What you need to do:
Return the full set of entries below exactly, leaving every image out.
==== Information supplied ====
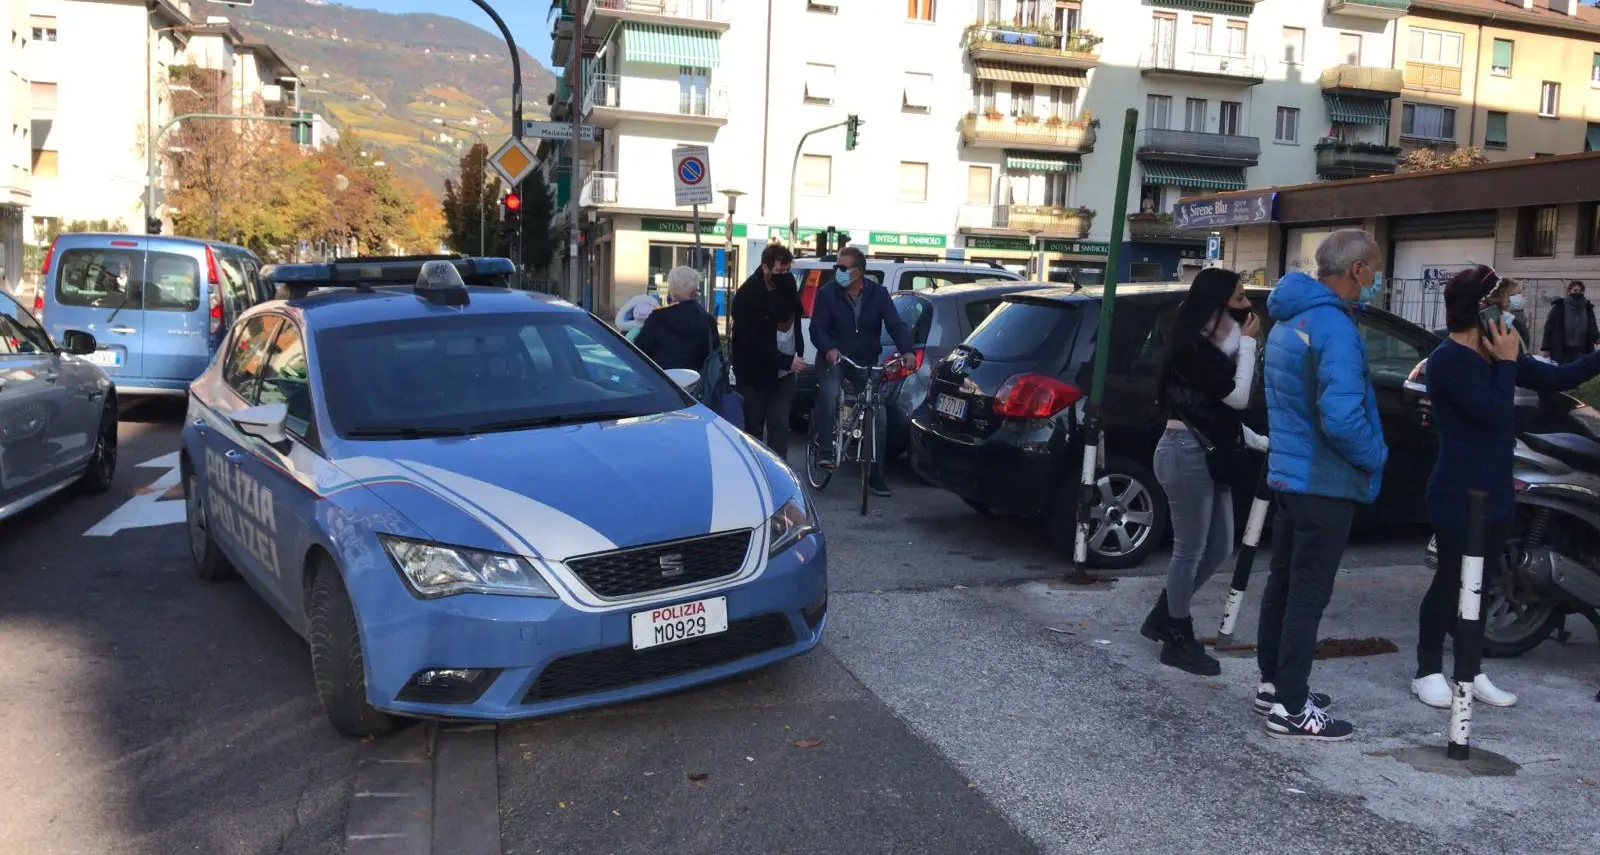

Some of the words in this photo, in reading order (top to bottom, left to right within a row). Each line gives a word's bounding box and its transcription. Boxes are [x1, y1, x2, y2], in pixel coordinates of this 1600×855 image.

[1189, 203, 1213, 217] Sirene
[1214, 199, 1228, 215] Blu
[658, 221, 684, 231] INTESA
[875, 234, 898, 244] INTESA
[1209, 238, 1217, 257] P
[205, 446, 277, 534] POLIZIA
[208, 486, 281, 581] POLIZEI
[652, 602, 706, 622] POLIZIA
[654, 617, 706, 644] M0929
====
Task answer:
Some of the words in this photo, in reading order (top to bottom, left to right within a row). Each line gives a word's bounding box and its transcription. Boxes are [x1, y1, x2, y2], in pixel coordinates of this 1600×855 image.

[1189, 203, 1213, 217] Sirene
[1214, 199, 1228, 215] Blu
[658, 221, 684, 231] INTESA
[875, 234, 898, 244] INTESA
[1209, 238, 1217, 257] P
[205, 446, 277, 534] POLIZIA
[208, 486, 281, 581] POLIZEI
[652, 602, 706, 622] POLIZIA
[654, 617, 706, 644] M0929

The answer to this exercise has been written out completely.